## WHAT YOU SHOULD DO
Without any images, write the listing below out word for word.

....................

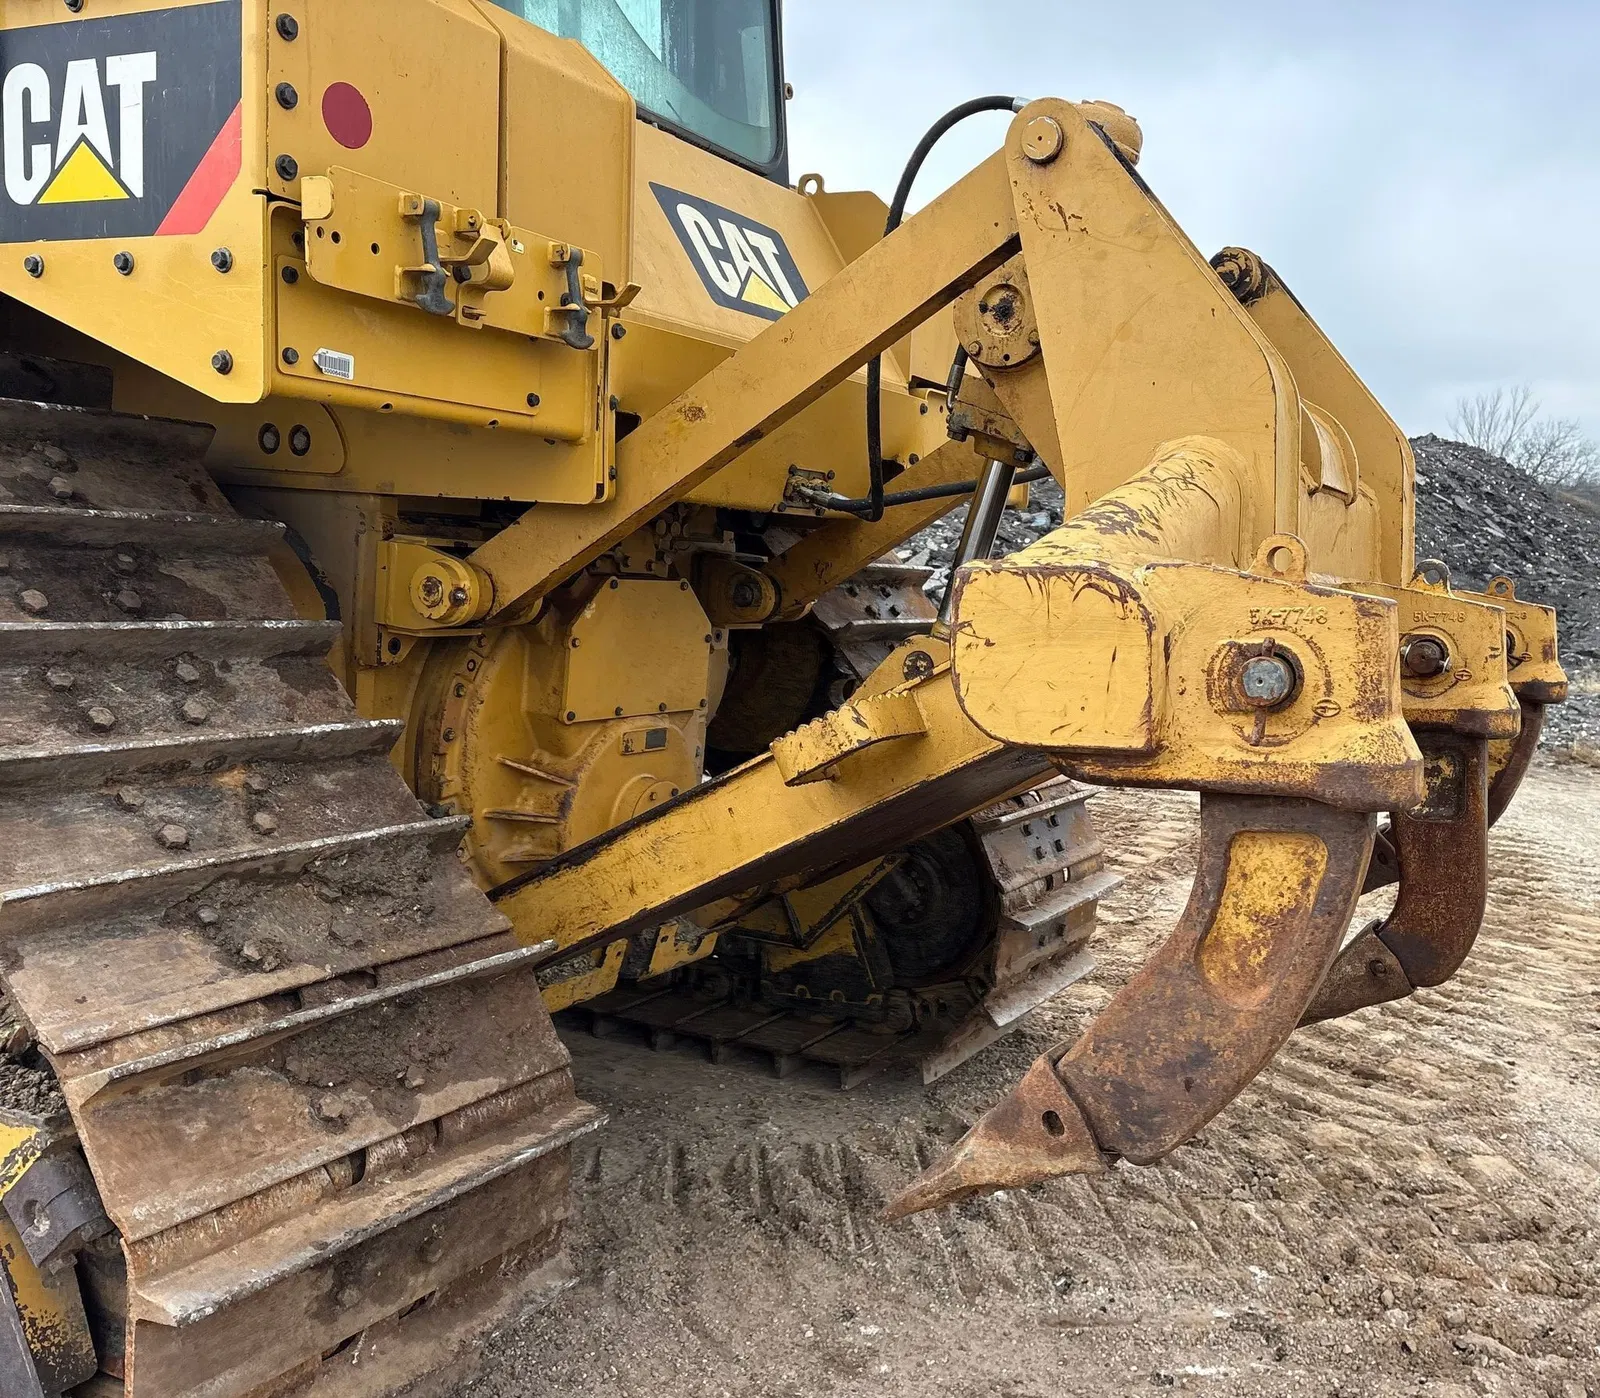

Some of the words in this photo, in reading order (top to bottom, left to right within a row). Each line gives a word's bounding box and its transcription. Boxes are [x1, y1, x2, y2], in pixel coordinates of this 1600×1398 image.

[3, 50, 157, 206] CAT
[676, 203, 800, 309] CAT
[1412, 610, 1467, 623] 5K-7748
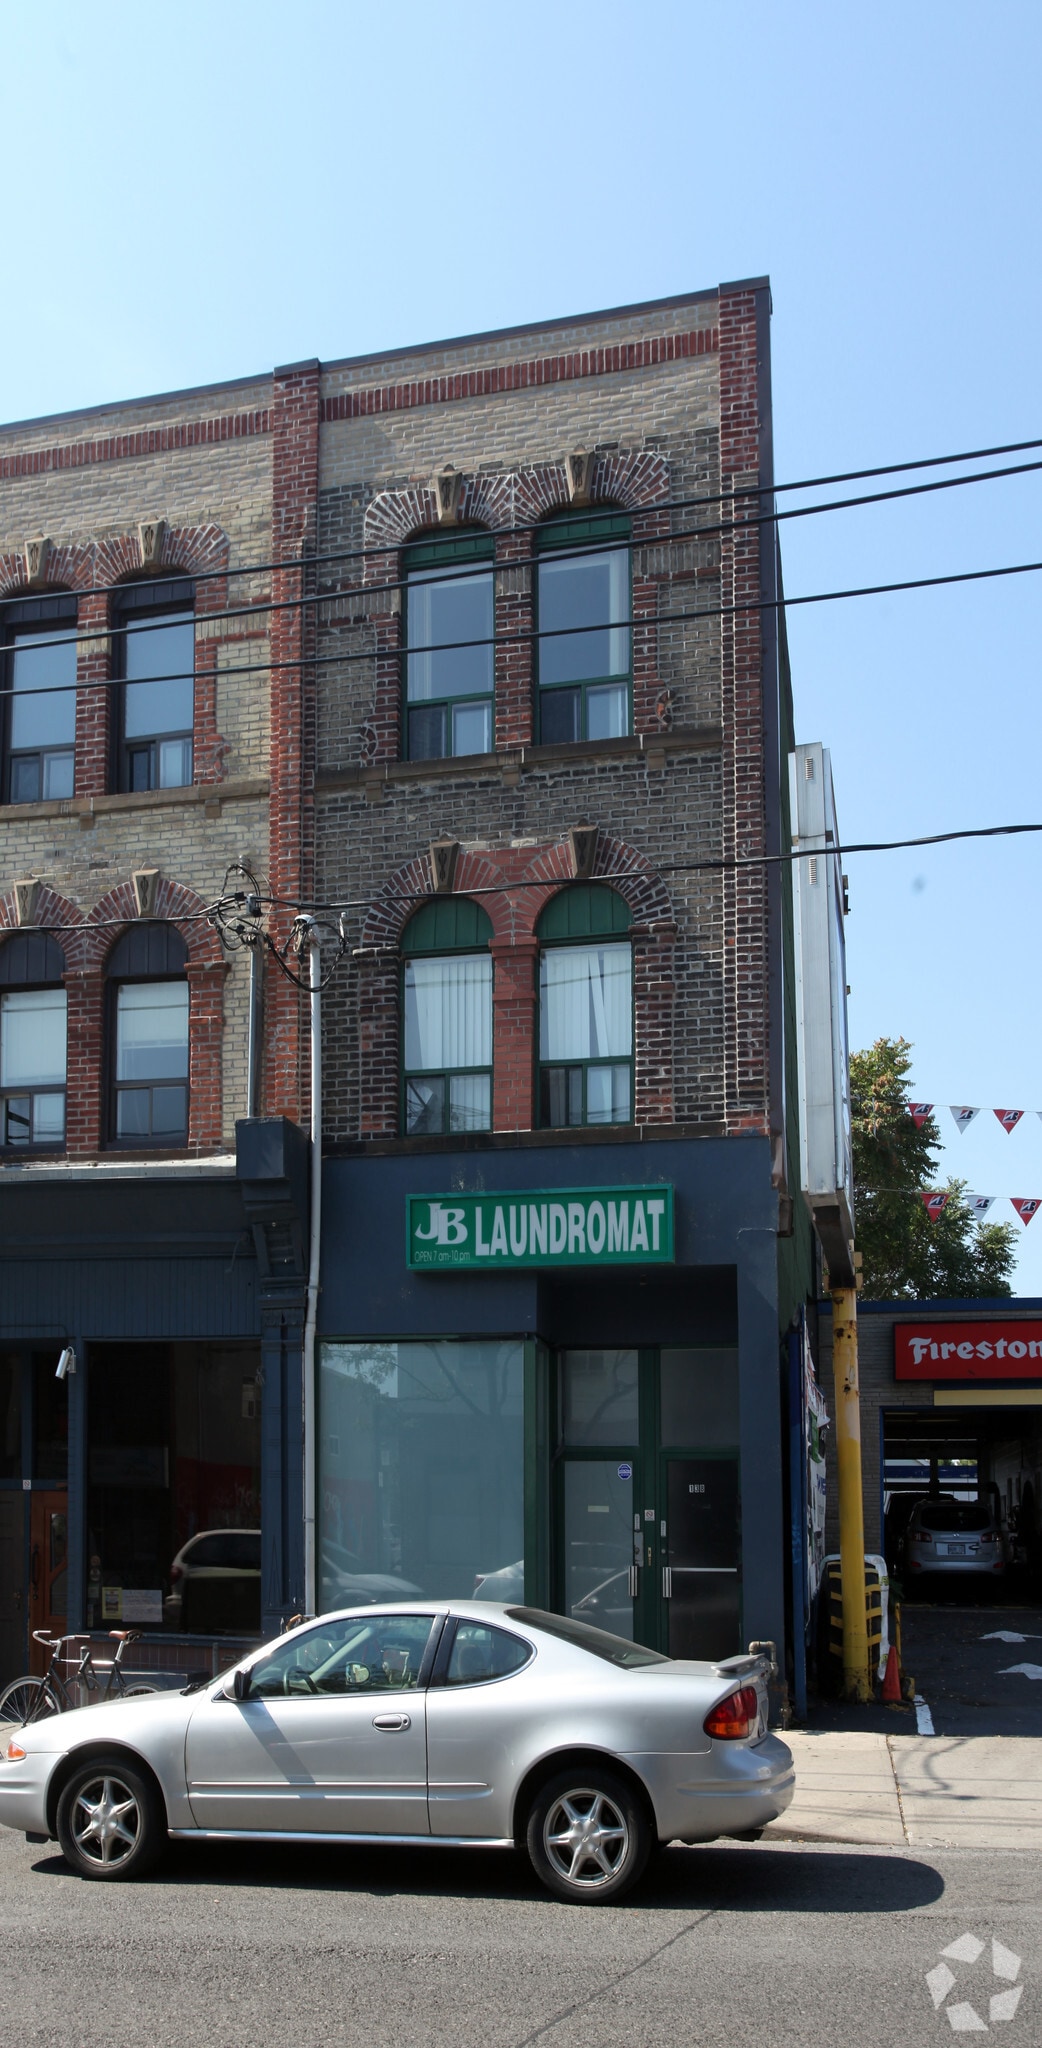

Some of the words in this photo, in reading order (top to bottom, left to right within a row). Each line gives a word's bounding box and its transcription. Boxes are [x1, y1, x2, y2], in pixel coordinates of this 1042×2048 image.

[414, 1203, 468, 1245] JB
[474, 1199, 665, 1257] LAUNDROMAT
[414, 1250, 432, 1262] OPEN
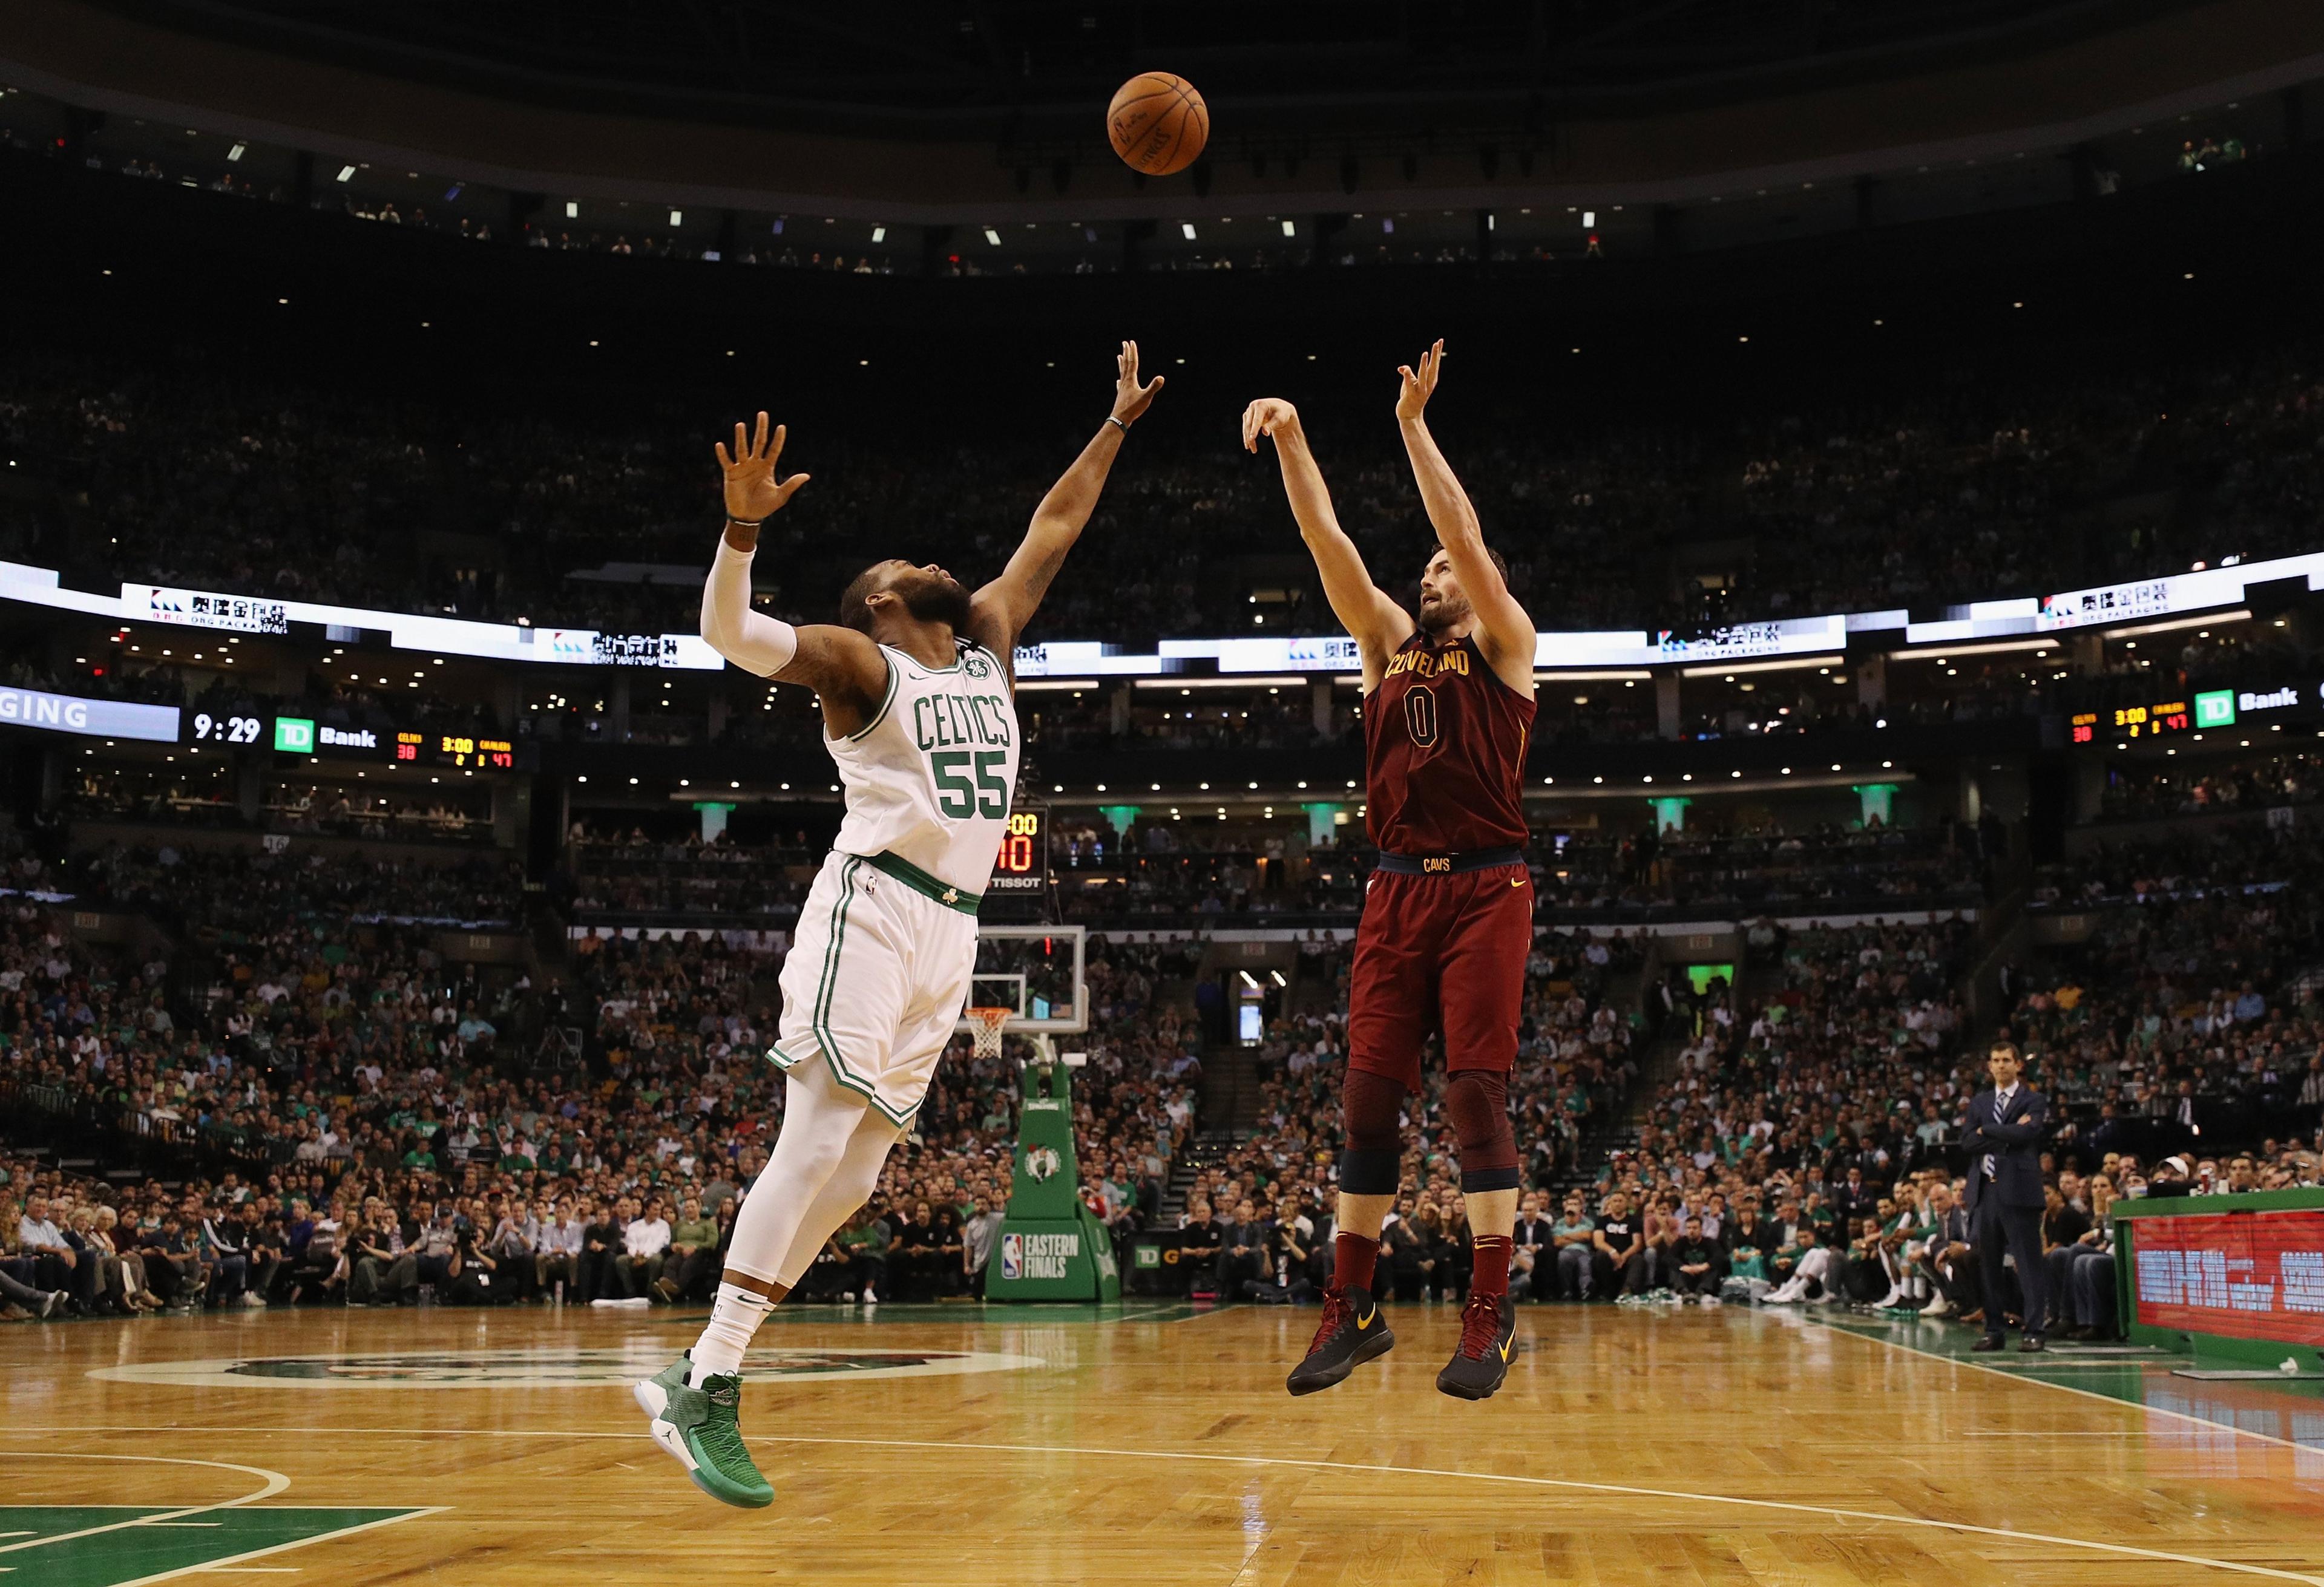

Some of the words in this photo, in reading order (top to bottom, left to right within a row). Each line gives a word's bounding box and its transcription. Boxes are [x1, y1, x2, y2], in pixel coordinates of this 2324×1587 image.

[1384, 649, 1469, 679] CLEVELAND
[0, 692, 87, 728] GING
[2201, 696, 2231, 720] TD
[2239, 686, 2299, 712] Bank
[914, 693, 1010, 751] CELTICS
[1403, 684, 1437, 748] 0
[2115, 707, 2147, 725] 3:00
[2167, 714, 2188, 730] 47
[194, 714, 261, 743] 9:29
[280, 724, 310, 746] TD
[320, 727, 376, 748] Bank
[442, 736, 474, 754] 3:00
[492, 753, 513, 768] 47
[930, 751, 1008, 820] 55
[1423, 857, 1450, 872] CAVS
[991, 878, 1042, 888] TISSOT
[1025, 1234, 1078, 1256] EASTERN
[1025, 1256, 1066, 1278] FINALS
[1138, 1249, 1158, 1265] TD

....................

## SOLUTION
Some of the words in this photo, in reading order (top to bottom, left to right within a row). Each line gives a word's bounding box and its transcription. Boxes are [x1, y1, x2, y2], in pixel coordinates of this 1600×1398 image.

[3, 50, 157, 206] CAT
[676, 203, 800, 309] CAT
[1412, 610, 1467, 623] 5K-7748

Some of the words in this photo, in reading order (top to bottom, left to right within a row). Each line gives a word's bounding box and its transcription. Boxes are [x1, y1, x2, y2], in pixel coordinates of this 1042×2048 image.

[414, 1203, 468, 1245] JB
[474, 1199, 665, 1257] LAUNDROMAT
[414, 1250, 432, 1262] OPEN

Some of the words in this photo, in reading order (top to bottom, left to right within a row). Each line gives a word's bounding box and its transcription. Boxes are [x1, y1, x2, y2], in pixel coordinates of this 2324×1587 image.

[1384, 649, 1469, 679] CLEVELAND
[0, 692, 87, 728] GING
[2201, 696, 2231, 720] TD
[2239, 686, 2299, 712] Bank
[914, 693, 1010, 751] CELTICS
[1403, 684, 1437, 748] 0
[2115, 707, 2147, 725] 3:00
[2167, 714, 2188, 730] 47
[194, 714, 261, 743] 9:29
[280, 724, 310, 746] TD
[320, 727, 376, 748] Bank
[442, 736, 474, 754] 3:00
[492, 753, 513, 768] 47
[930, 751, 1008, 820] 55
[1423, 857, 1450, 872] CAVS
[991, 878, 1042, 888] TISSOT
[1025, 1234, 1078, 1256] EASTERN
[1025, 1256, 1066, 1278] FINALS
[1138, 1249, 1158, 1265] TD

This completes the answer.